Experimental setup: The ARDS pig model is ventilated with APRV as respiratory system mechanics and physiological systems are monitored for six hours postinjury. Created with BioRender.com.

Fig. 10.

Respiratory system pressures. Created with BioRender.com

Fig. 11.

(A) Computational model description of compliance recovery during recruitment. The green curve describes the PV relationship for a completely recruited acinus during inflation (f = 1), and the red curve describes the PV relationship for an ARDS derecruited acinus ($f\sim 0$).

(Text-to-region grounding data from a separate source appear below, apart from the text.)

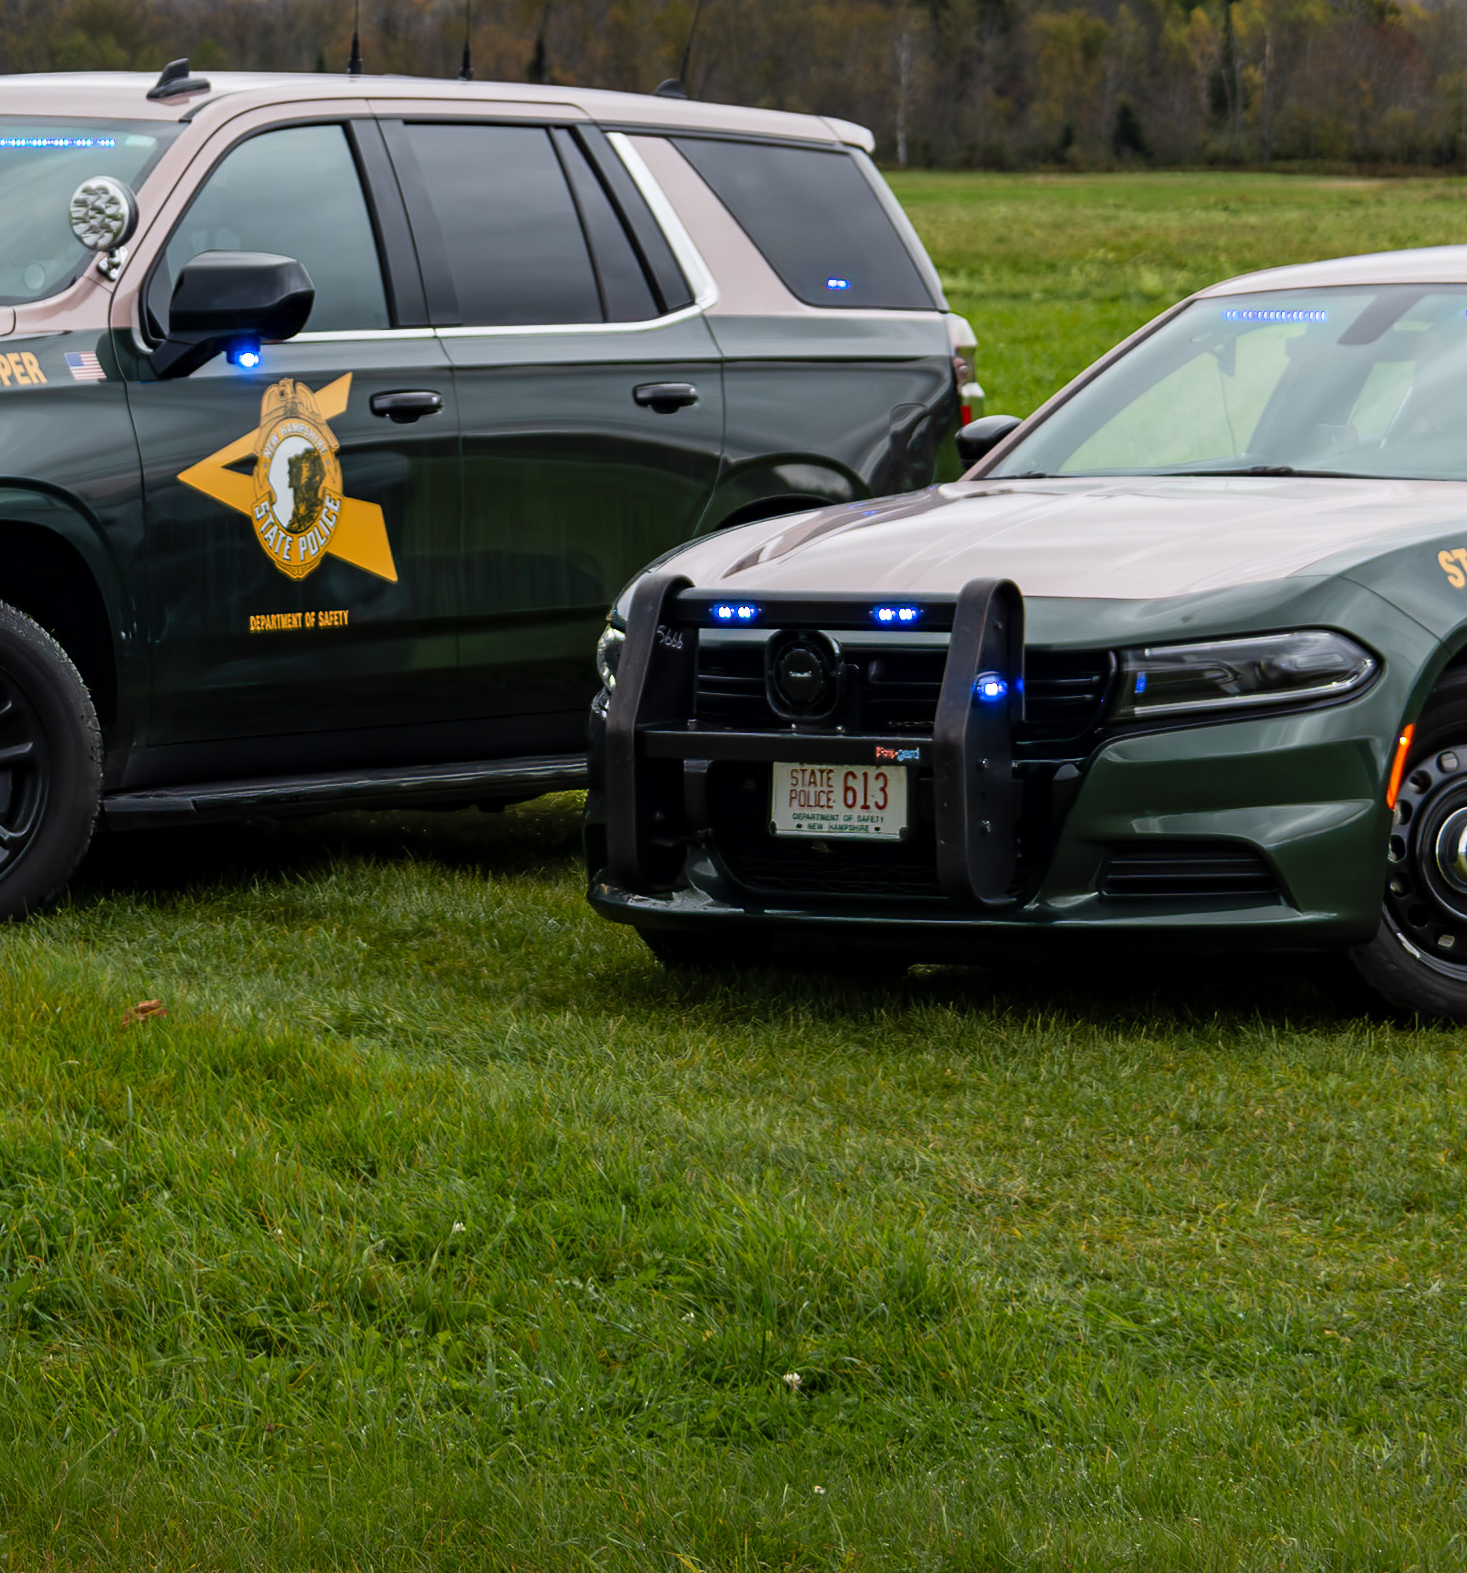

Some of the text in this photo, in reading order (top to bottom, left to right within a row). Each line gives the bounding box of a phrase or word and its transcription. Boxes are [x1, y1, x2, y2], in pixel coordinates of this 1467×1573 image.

[263, 422, 328, 459] NEW HAMPSHIRE
[254, 494, 342, 562] STATE POLICE
[249, 610, 349, 632] DEPARTMENT OF SAFETY
[789, 788, 834, 809] POLICE
[790, 768, 888, 810] STATE 613
[792, 812, 884, 823] DEPARTMENT OF SAFETY
[828, 823, 870, 832] HAMPSHIRE

With recruitment, f increases, and the PV relationship undergoes a dynamic transition toward a healthy acinus (black solid curve). The red hashed region reflects the energy dissipation from the transition in states. Reproduced with permission (53). (B) The inflation limb of an experimental PV loop from this study, with the location of the true inflection point and the region associated with recruitment indicated in red.